:: Work required ::
Reproduce every line of the listing as written, apart from the pictures.

[Start of Attachment]

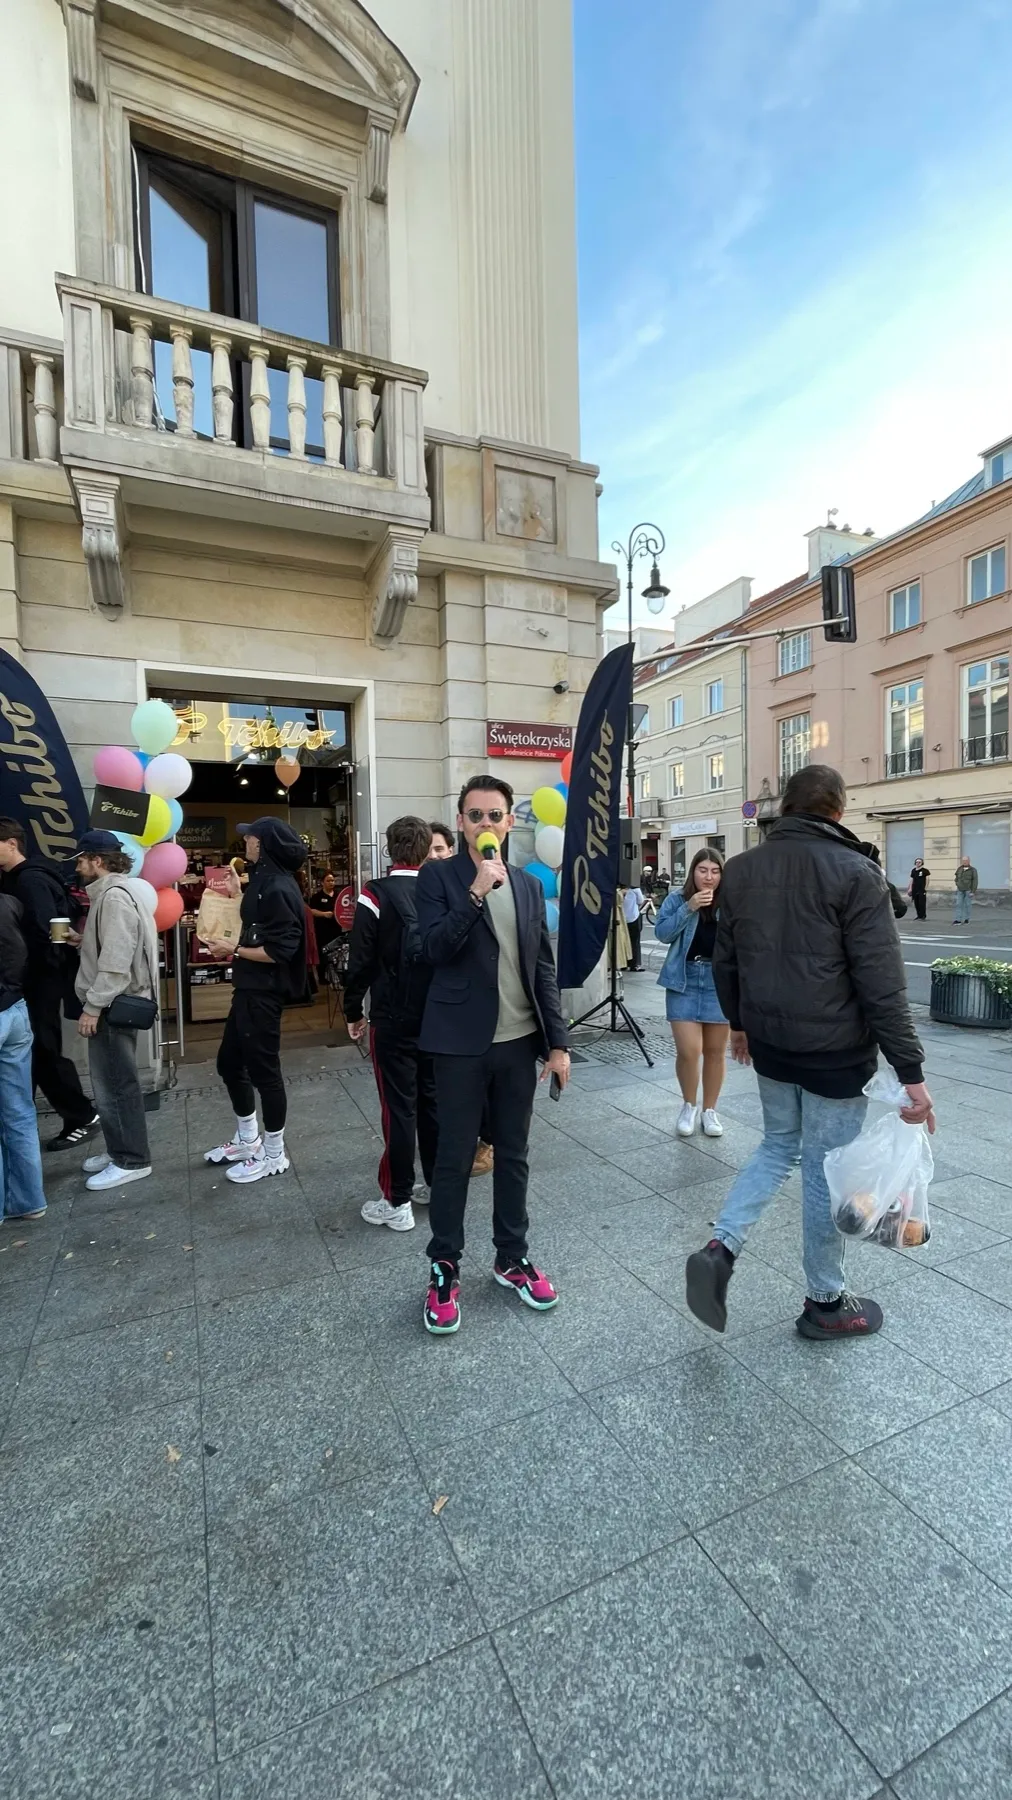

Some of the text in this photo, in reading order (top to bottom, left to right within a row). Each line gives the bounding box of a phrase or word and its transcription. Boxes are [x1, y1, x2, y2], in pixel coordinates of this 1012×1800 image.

[218, 716, 337, 750] Tchibo
[490, 728, 571, 750] Świętokrzyska
[0, 692, 78, 862] Tchibo
[586, 709, 614, 859] Tchibo
[112, 806, 139, 818] Tchibo
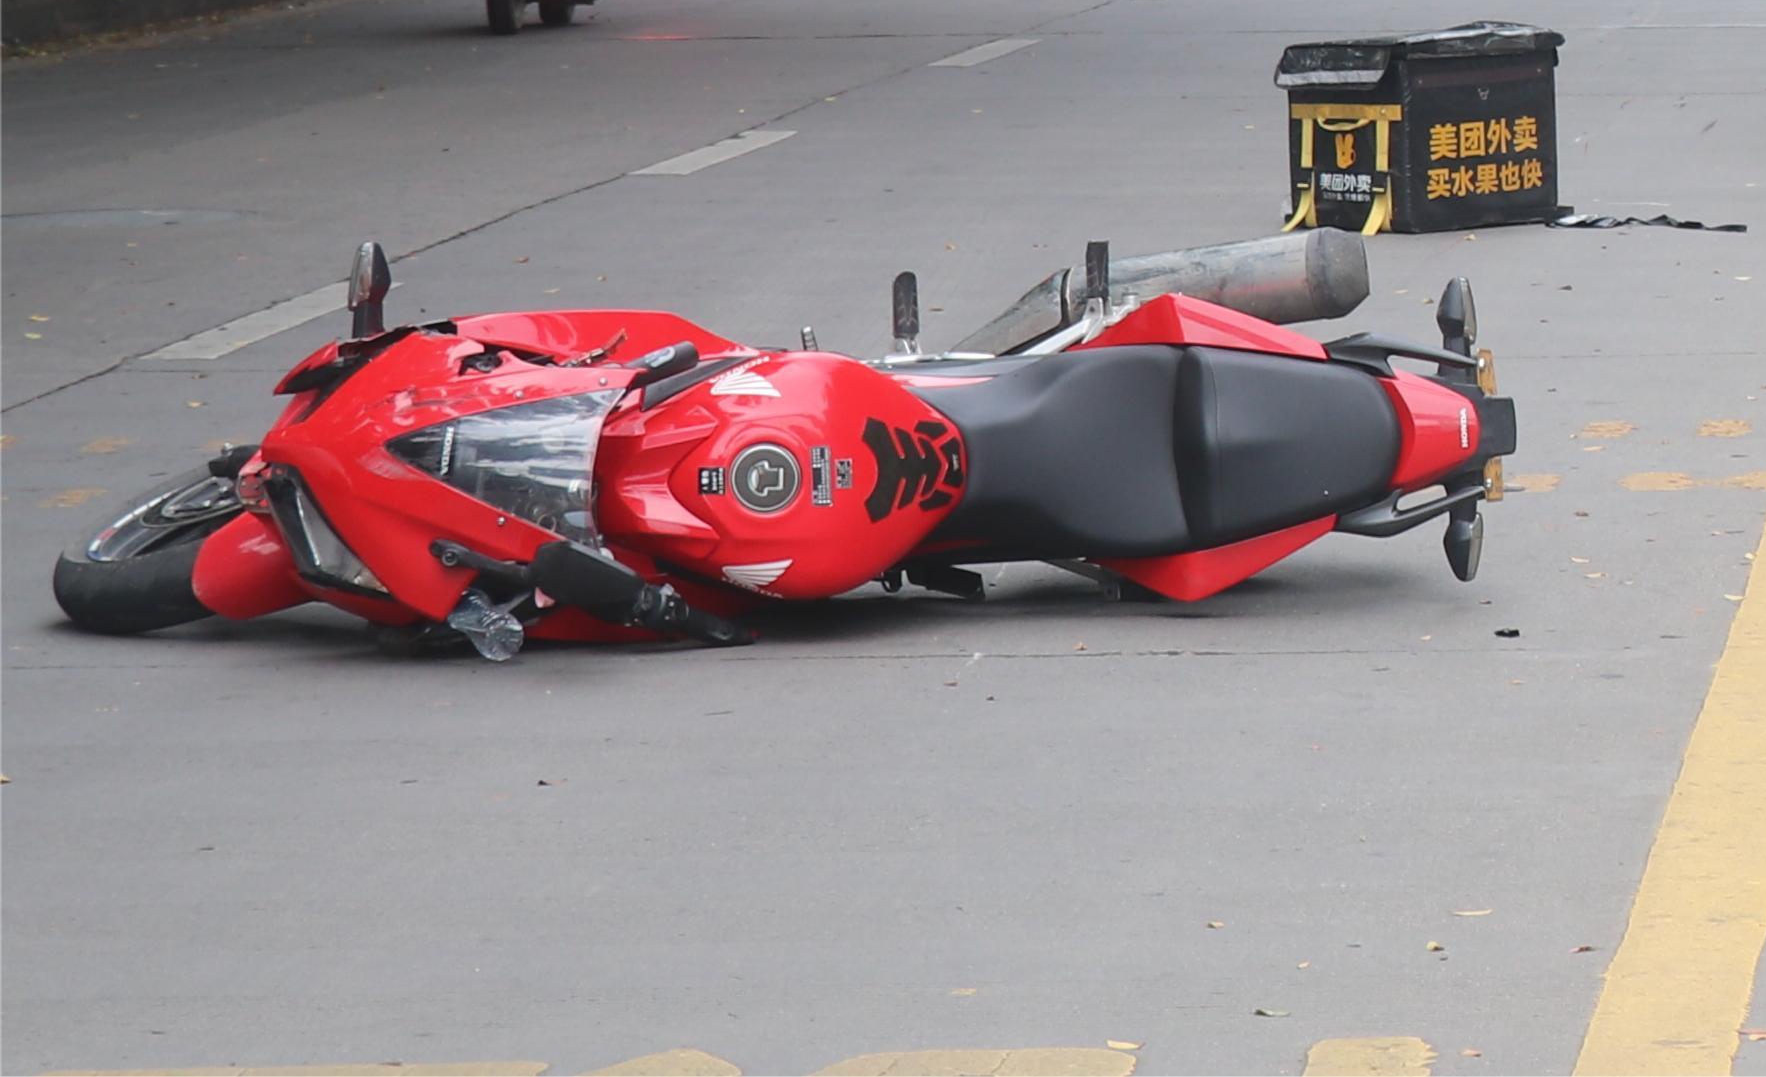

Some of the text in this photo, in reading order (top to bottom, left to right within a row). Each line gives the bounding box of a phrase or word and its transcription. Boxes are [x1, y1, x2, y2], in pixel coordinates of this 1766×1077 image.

[1428, 115, 1539, 161] 美团外卖
[1320, 173, 1372, 193] 美团外卖
[1426, 158, 1543, 200] 买水果也快
[1459, 407, 1469, 449] HONDA
[440, 426, 454, 476] HONDA
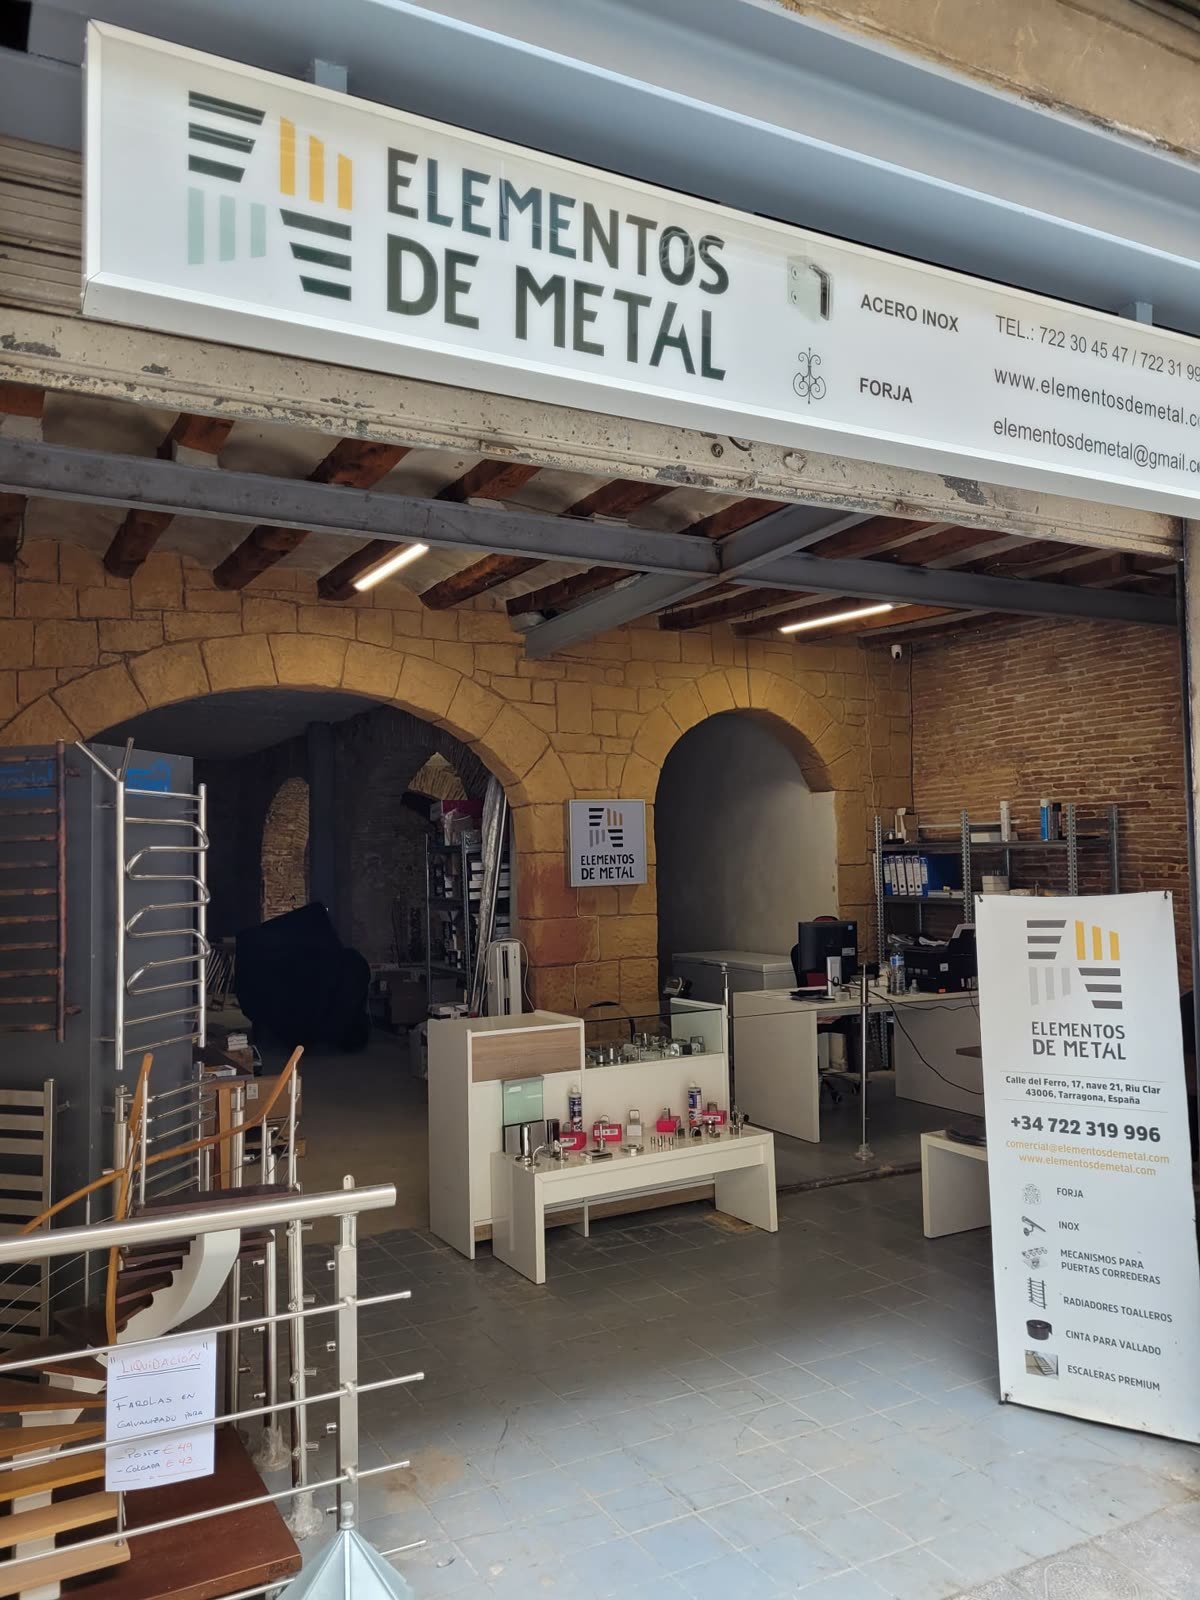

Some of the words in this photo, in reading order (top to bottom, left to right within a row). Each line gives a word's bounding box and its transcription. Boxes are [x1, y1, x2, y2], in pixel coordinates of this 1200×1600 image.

[387, 146, 730, 295] ELEMENTOS
[387, 233, 480, 329] DE
[515, 265, 727, 381] METAL
[860, 294, 917, 322] ACERO
[922, 308, 959, 333] INOX
[996, 314, 1034, 341] TEL.:
[1040, 326, 1065, 348] 722
[1070, 334, 1086, 354] 30
[1091, 340, 1108, 358] 45
[1112, 346, 1128, 363] 47
[1140, 352, 1164, 373] 722
[1168, 358, 1182, 377] 31
[859, 377, 913, 404] FORJA
[994, 368, 1200, 428] www.elementosdemetal.c
[580, 854, 634, 866] ELEMENTOS
[581, 868, 595, 880] DE
[600, 866, 634, 879] METAL
[1032, 1021, 1126, 1039] ELEMENTOS
[1032, 1039, 1056, 1056] DE
[1064, 1040, 1126, 1060] METAL
[1006, 1076, 1026, 1084] Calle
[1028, 1077, 1041, 1085] del
[1044, 1078, 1070, 1088] Ferro,
[1072, 1080, 1084, 1089] 17,
[1086, 1082, 1107, 1090] nave
[1110, 1083, 1123, 1092] 21,
[1125, 1084, 1140, 1093] Riu
[1142, 1086, 1161, 1094] Clar
[1025, 1089, 1056, 1099] 43006,
[1058, 1090, 1106, 1102] Tarragona,
[1108, 1094, 1140, 1105] España
[1011, 1115, 1043, 1131] +34
[1048, 1118, 1081, 1135] 722
[1086, 1121, 1118, 1138] 319
[1124, 1124, 1161, 1142] 996
[1006, 1140, 1170, 1164] comercial@elementosdemetal.com
[1019, 1154, 1156, 1176] www.elementosdemetal.com
[1056, 1187, 1083, 1198] FORJA
[1058, 1221, 1080, 1231] INOX
[1060, 1249, 1117, 1265] MECANISMOS
[1119, 1257, 1144, 1269] PARA
[1061, 1262, 1100, 1275] PUERTAS
[1102, 1267, 1161, 1285] CORREDERAS
[1063, 1296, 1119, 1314] RADIADORES
[1121, 1306, 1173, 1323] TOALLEROS
[1065, 1330, 1091, 1342] CINTA
[1093, 1335, 1117, 1348] PARA
[1120, 1340, 1161, 1356] VALLADO
[1067, 1365, 1116, 1383] ESCALERAS
[1118, 1375, 1160, 1391] PREMIUM
[112, 1396, 172, 1410] FAROLAS

[End of Attachment]

:: Answer below ::
Some of the text in this photo, in reading order (top to bottom, left to right within a row). Each line gives the bounding box of a phrase or word and its transcription. Boxes are [x1, y1, x2, y2], in pixel coordinates of this 1012×1800 image.

[218, 716, 337, 750] Tchibo
[490, 728, 571, 750] Świętokrzyska
[0, 692, 78, 862] Tchibo
[586, 709, 614, 859] Tchibo
[112, 806, 139, 818] Tchibo

Some of the text in this photo, in reading order (top to bottom, left to right within a row). Each line gives the bounding box of a phrase or word and its transcription. Boxes are [x1, y1, x2, y2], in pixel coordinates of this 1766×1077 image.

[1428, 115, 1539, 161] 美团外卖
[1320, 173, 1372, 193] 美团外卖
[1426, 158, 1543, 200] 买水果也快
[1459, 407, 1469, 449] HONDA
[440, 426, 454, 476] HONDA

Some of the words in this photo, in reading order (top to bottom, left to right within a row). Each line gives a word's bounding box and its transcription. Boxes are [x1, y1, x2, y2], in pixel coordinates of this 1200×1600 image.

[387, 146, 730, 295] ELEMENTOS
[387, 233, 480, 329] DE
[515, 265, 727, 381] METAL
[860, 294, 917, 322] ACERO
[922, 308, 959, 333] INOX
[996, 314, 1034, 341] TEL.:
[1040, 326, 1065, 348] 722
[1070, 334, 1086, 354] 30
[1091, 340, 1108, 358] 45
[1112, 346, 1128, 363] 47
[1140, 352, 1164, 373] 722
[1168, 358, 1182, 377] 31
[859, 377, 913, 404] FORJA
[994, 368, 1200, 428] www.elementosdemetal.c
[580, 854, 634, 866] ELEMENTOS
[581, 868, 595, 880] DE
[600, 866, 634, 879] METAL
[1032, 1021, 1126, 1039] ELEMENTOS
[1032, 1039, 1056, 1056] DE
[1064, 1040, 1126, 1060] METAL
[1006, 1076, 1026, 1084] Calle
[1028, 1077, 1041, 1085] del
[1044, 1078, 1070, 1088] Ferro,
[1072, 1080, 1084, 1089] 17,
[1086, 1082, 1107, 1090] nave
[1110, 1083, 1123, 1092] 21,
[1125, 1084, 1140, 1093] Riu
[1142, 1086, 1161, 1094] Clar
[1025, 1089, 1056, 1099] 43006,
[1058, 1090, 1106, 1102] Tarragona,
[1108, 1094, 1140, 1105] España
[1011, 1115, 1043, 1131] +34
[1048, 1118, 1081, 1135] 722
[1086, 1121, 1118, 1138] 319
[1124, 1124, 1161, 1142] 996
[1006, 1140, 1170, 1164] comercial@elementosdemetal.com
[1019, 1154, 1156, 1176] www.elementosdemetal.com
[1056, 1187, 1083, 1198] FORJA
[1058, 1221, 1080, 1231] INOX
[1060, 1249, 1117, 1265] MECANISMOS
[1119, 1257, 1144, 1269] PARA
[1061, 1262, 1100, 1275] PUERTAS
[1102, 1267, 1161, 1285] CORREDERAS
[1063, 1296, 1119, 1314] RADIADORES
[1121, 1306, 1173, 1323] TOALLEROS
[1065, 1330, 1091, 1342] CINTA
[1093, 1335, 1117, 1348] PARA
[1120, 1340, 1161, 1356] VALLADO
[1067, 1365, 1116, 1383] ESCALERAS
[1118, 1375, 1160, 1391] PREMIUM
[112, 1396, 172, 1410] FAROLAS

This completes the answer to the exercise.